Once the line containing "Some of the text" is found, return it and every line that follows, up to and including the final line of the material, exactly as written.
Data records section start
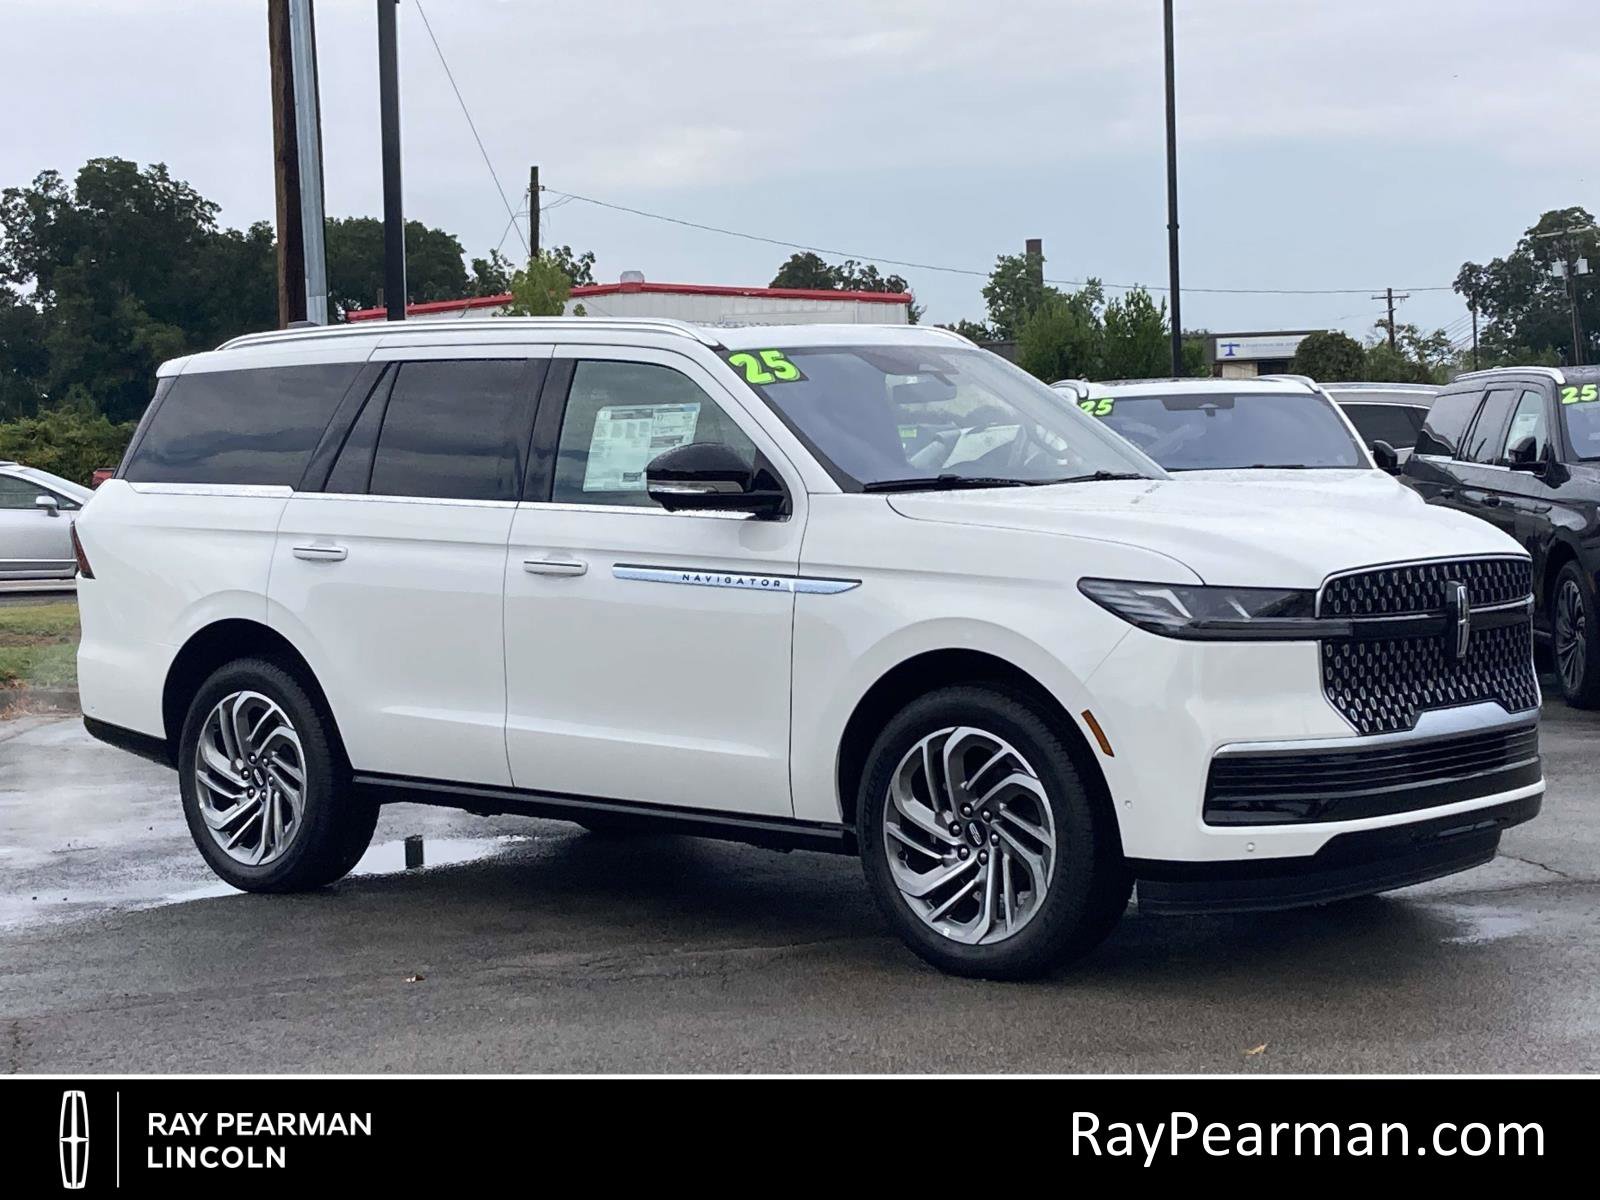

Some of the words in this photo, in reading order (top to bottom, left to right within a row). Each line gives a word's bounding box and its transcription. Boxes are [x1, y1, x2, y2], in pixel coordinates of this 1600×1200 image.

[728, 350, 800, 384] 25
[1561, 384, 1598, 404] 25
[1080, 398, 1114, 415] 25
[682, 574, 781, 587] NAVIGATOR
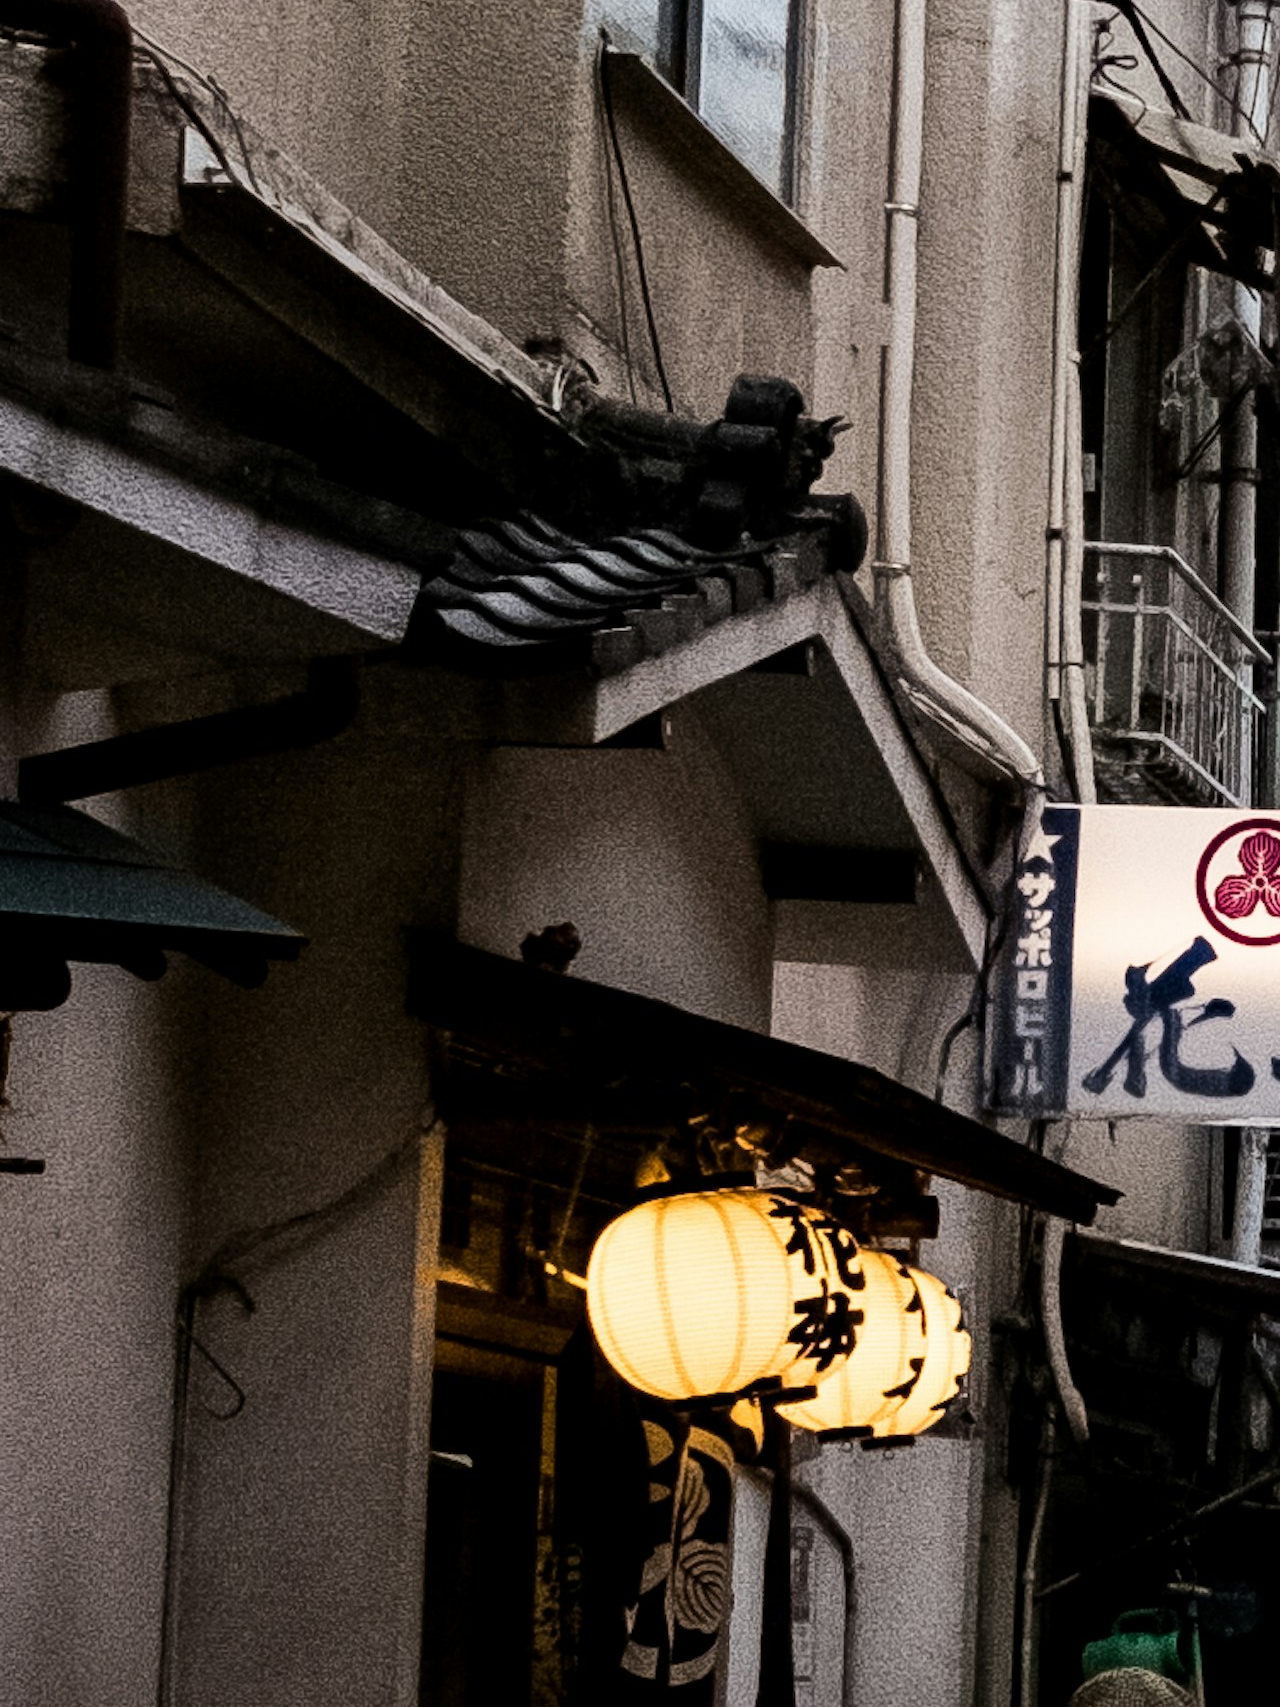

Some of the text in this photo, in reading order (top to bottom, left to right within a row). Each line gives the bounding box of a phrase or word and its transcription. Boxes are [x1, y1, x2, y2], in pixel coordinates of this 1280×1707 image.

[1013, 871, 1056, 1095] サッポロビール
Data records section end
(Response area):
Some of the text in this photo, in reading order (top to bottom, left to right within a row). Each line gives the bounding box of a phrase or word and its transcription. Boxes are [x1, y1, x2, y2], in pixel coordinates of this 1280×1707 image.

[1013, 871, 1056, 1095] サッポロビール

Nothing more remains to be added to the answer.